WHAT NEEDS TO BE DONE
Transcribe the records exactly. Pictures do not belong in the transcription.

SOURCE MATERIAL
= = =

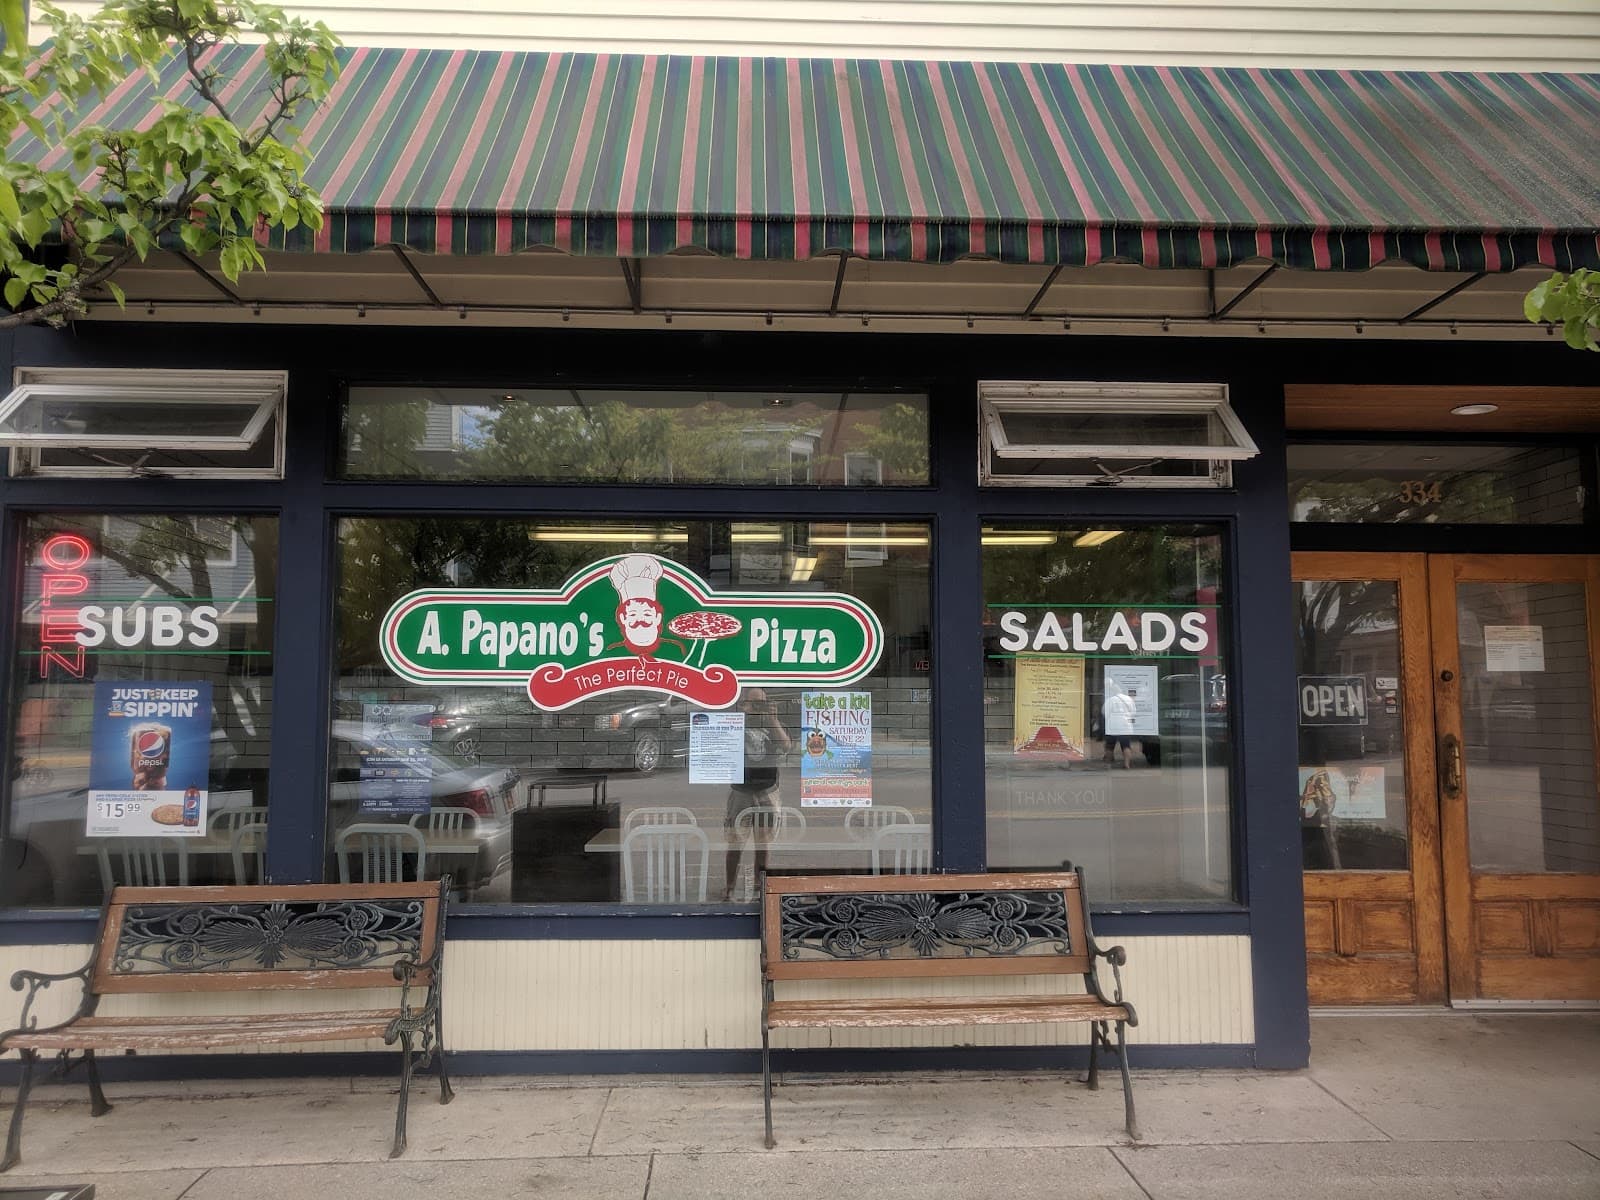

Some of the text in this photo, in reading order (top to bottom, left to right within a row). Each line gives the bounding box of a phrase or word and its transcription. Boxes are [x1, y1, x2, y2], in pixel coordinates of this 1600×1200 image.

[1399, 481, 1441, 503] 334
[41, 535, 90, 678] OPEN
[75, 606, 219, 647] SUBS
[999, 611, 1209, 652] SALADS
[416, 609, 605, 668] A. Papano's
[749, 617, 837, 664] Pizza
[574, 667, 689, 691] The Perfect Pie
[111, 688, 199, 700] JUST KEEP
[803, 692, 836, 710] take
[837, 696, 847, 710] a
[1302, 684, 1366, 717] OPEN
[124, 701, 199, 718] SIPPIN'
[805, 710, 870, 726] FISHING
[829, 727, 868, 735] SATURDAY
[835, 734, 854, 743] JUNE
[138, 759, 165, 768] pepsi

= = =

REPLY
Some of the text in this photo, in reading order (top to bottom, left to right within a row). Each line gives the bounding box of a phrase or word and its transcription. Boxes are [x1, y1, x2, y2], in pixel coordinates of this 1600×1200 image.

[1399, 481, 1441, 503] 334
[41, 535, 90, 678] OPEN
[75, 606, 219, 647] SUBS
[999, 611, 1209, 652] SALADS
[416, 609, 605, 668] A. Papano's
[749, 617, 837, 664] Pizza
[574, 667, 689, 691] The Perfect Pie
[111, 688, 199, 700] JUST KEEP
[803, 692, 836, 710] take
[837, 696, 847, 710] a
[1302, 684, 1366, 717] OPEN
[124, 701, 199, 718] SIPPIN'
[805, 710, 870, 726] FISHING
[829, 727, 868, 735] SATURDAY
[835, 734, 854, 743] JUNE
[138, 759, 165, 768] pepsi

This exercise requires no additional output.